The data Block Start

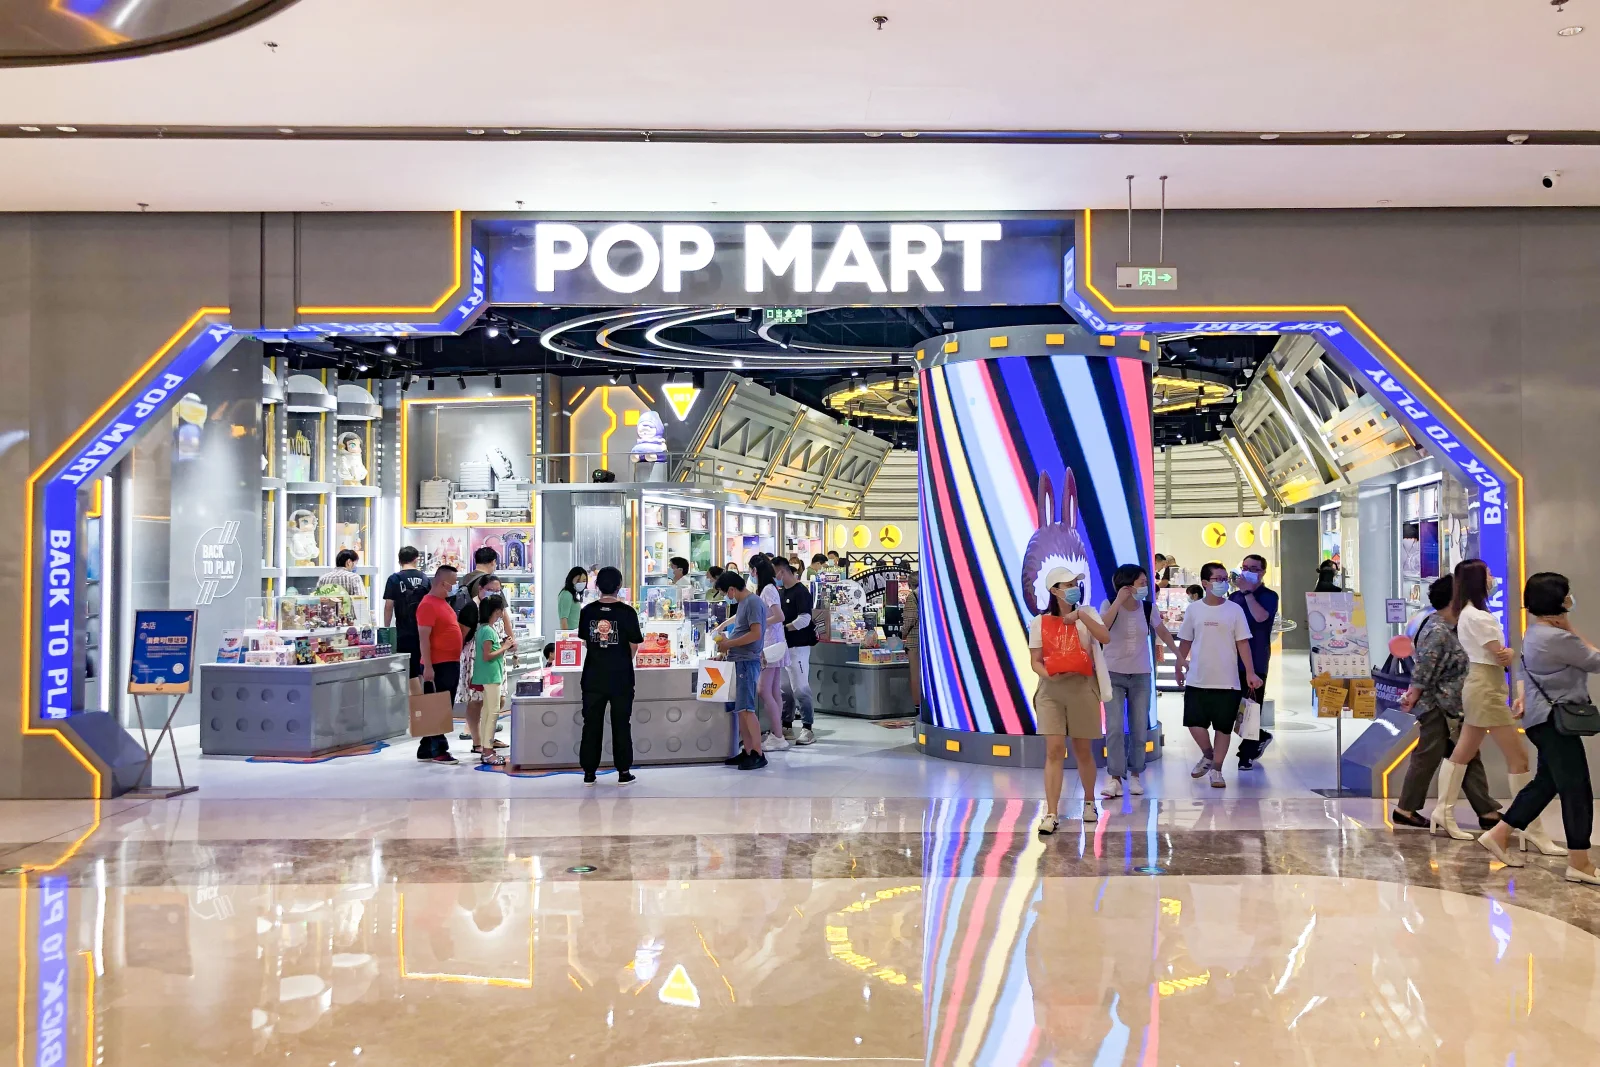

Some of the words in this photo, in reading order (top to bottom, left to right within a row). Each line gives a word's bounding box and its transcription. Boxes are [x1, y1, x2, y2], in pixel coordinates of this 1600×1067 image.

[535, 223, 715, 293] POP
[743, 223, 1002, 293] MART
[1075, 300, 1147, 331] BACK
[1186, 321, 1281, 332] MART
[134, 373, 184, 419] POP
[1365, 368, 1429, 420] PLAY
[60, 422, 135, 485] MART
[1425, 425, 1461, 453] TO
[1459, 458, 1502, 525] BACK
[49, 529, 71, 608] BACK
[202, 544, 224, 559] BACK
[203, 560, 214, 575] TO
[216, 560, 236, 575] PLAY
[48, 618, 69, 657] TO
[1375, 682, 1397, 695] MAKE
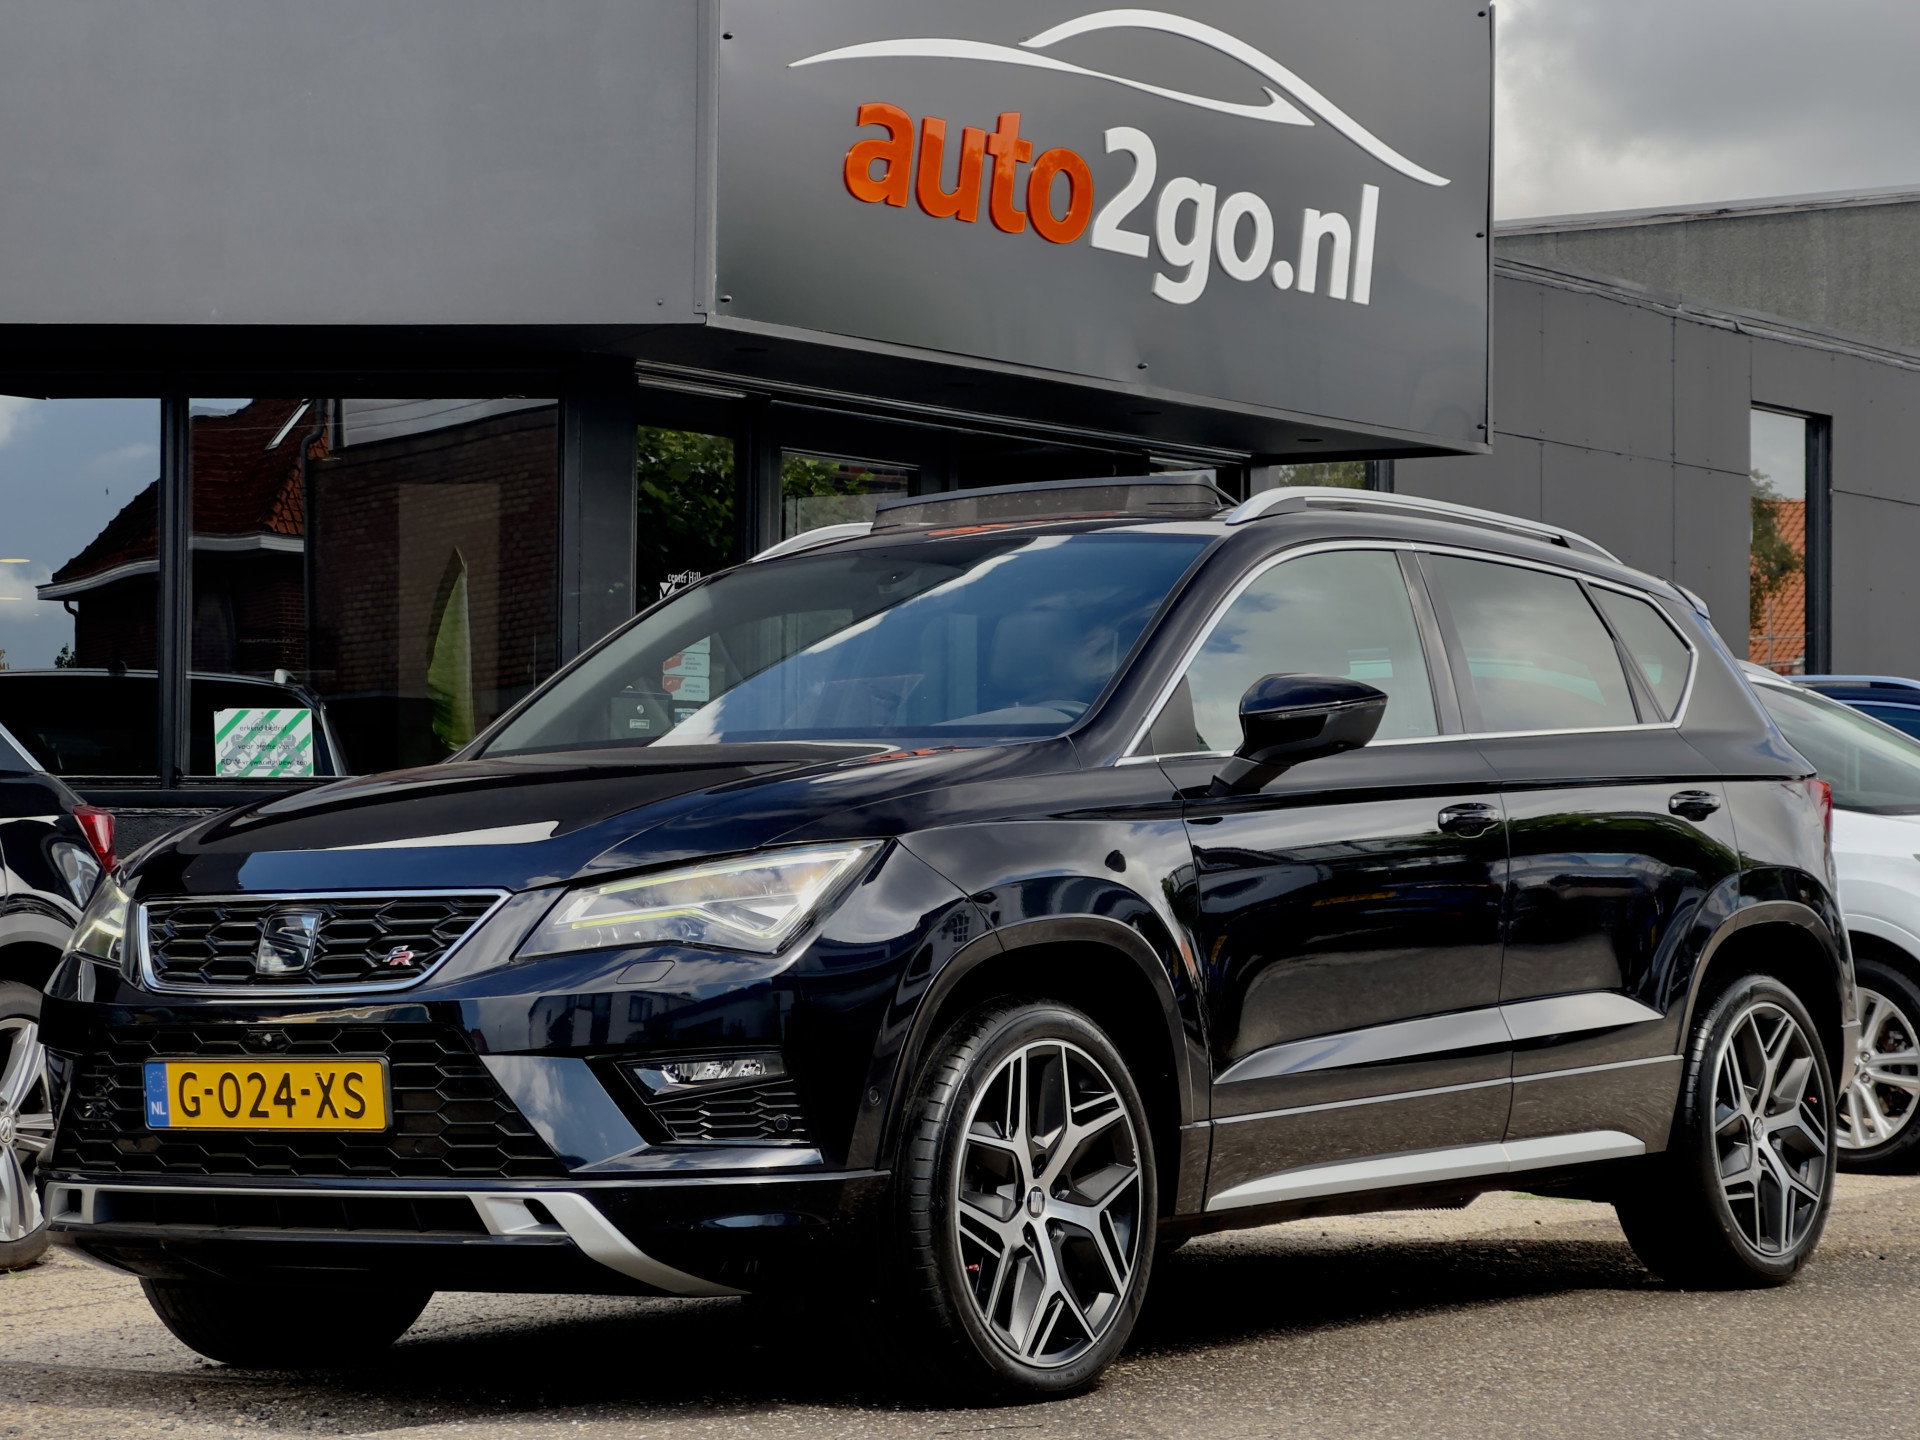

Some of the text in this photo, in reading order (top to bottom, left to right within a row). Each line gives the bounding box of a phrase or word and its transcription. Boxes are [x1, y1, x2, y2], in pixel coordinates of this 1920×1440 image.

[843, 102, 1379, 305] auto2go.nl
[151, 1101, 167, 1116] NL
[178, 1071, 366, 1119] G-024-XS
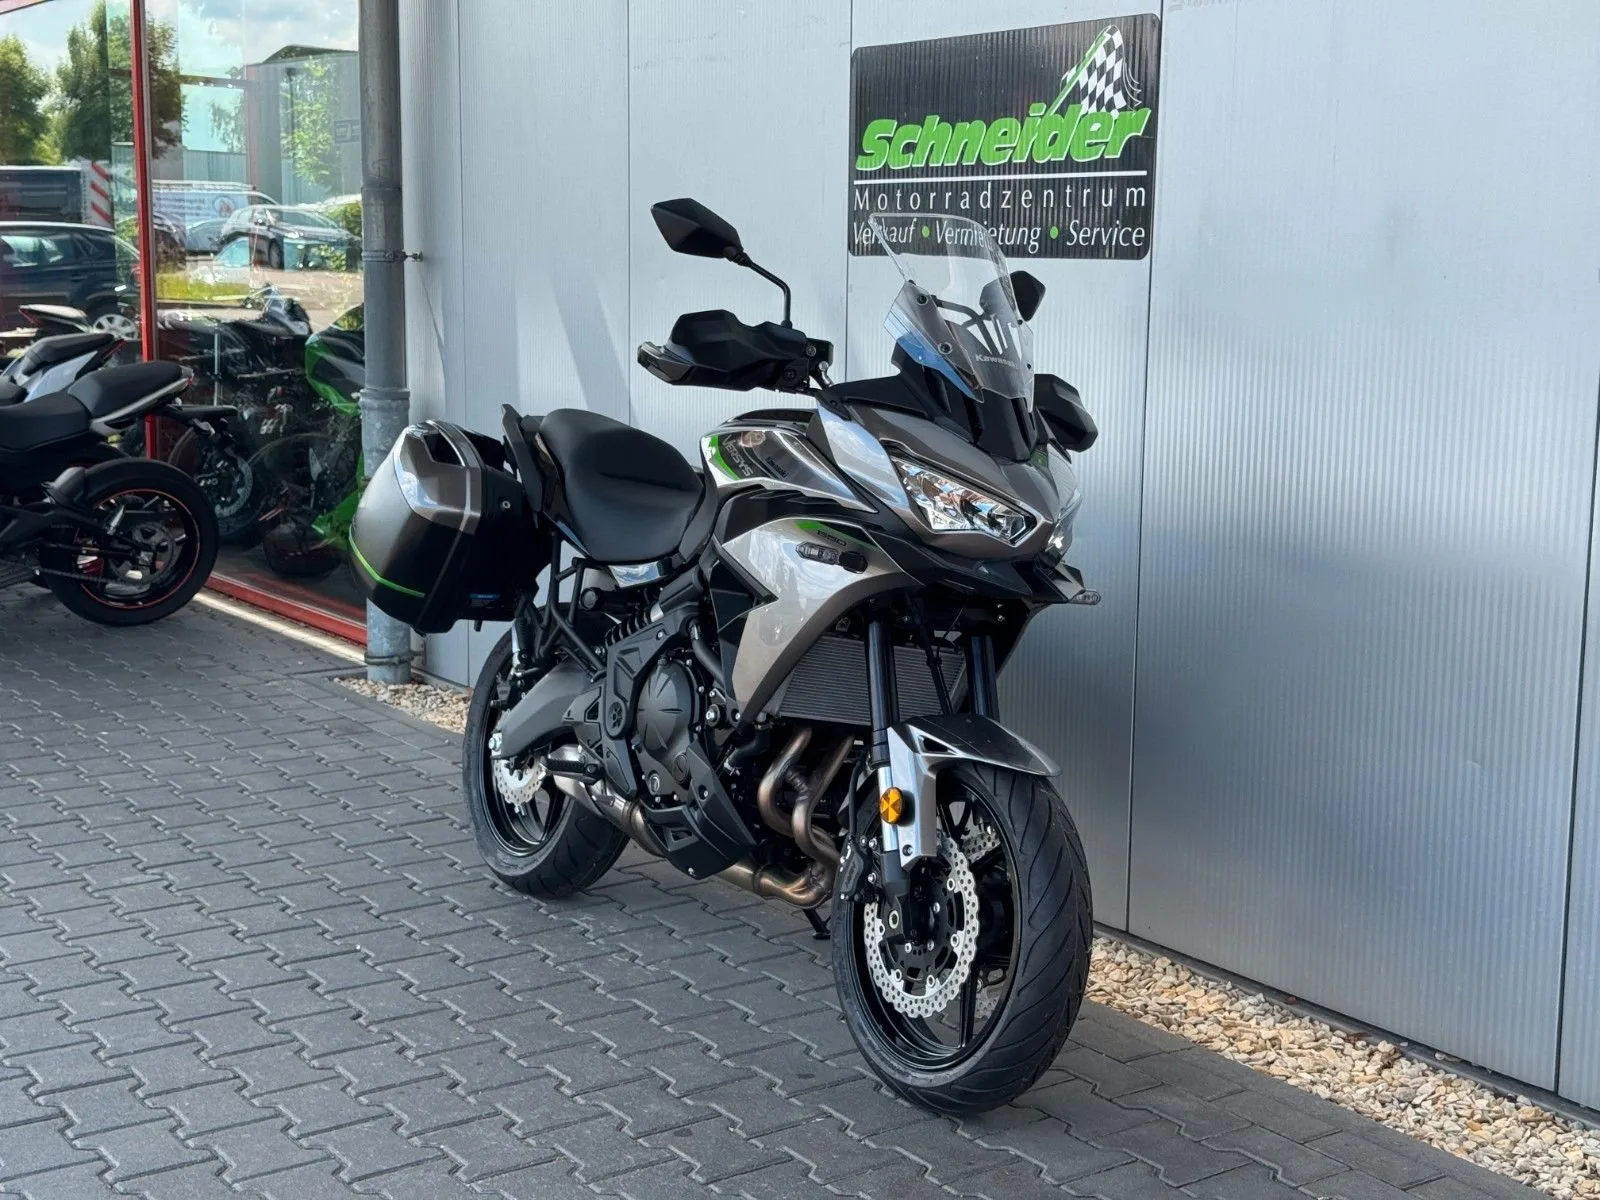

The data Block End

[What you need to do]:
Retype every entry exactly, but keep the pictures out of your copy.

[Output]:
Some of the words in this photo, in reading order (top to bottom, left to right within a row). Each line gives a word's bounding box and its transcription. Boxes are [x1, y1, x2, y2], in pixel coordinates of this 1600×1067 image.

[535, 223, 715, 293] POP
[743, 223, 1002, 293] MART
[1075, 300, 1147, 331] BACK
[1186, 321, 1281, 332] MART
[134, 373, 184, 419] POP
[1365, 368, 1429, 420] PLAY
[60, 422, 135, 485] MART
[1425, 425, 1461, 453] TO
[1459, 458, 1502, 525] BACK
[49, 529, 71, 608] BACK
[202, 544, 224, 559] BACK
[203, 560, 214, 575] TO
[216, 560, 236, 575] PLAY
[48, 618, 69, 657] TO
[1375, 682, 1397, 695] MAKE

Some of the text in this photo, in reading order (top to bottom, left to right within a row). Each line gives the bounding box of a phrase or word and its transcription. Boxes are [x1, y1, x2, y2], in pixel coordinates of this 1920×1440 image.

[843, 102, 1379, 305] auto2go.nl
[151, 1101, 167, 1116] NL
[178, 1071, 366, 1119] G-024-XS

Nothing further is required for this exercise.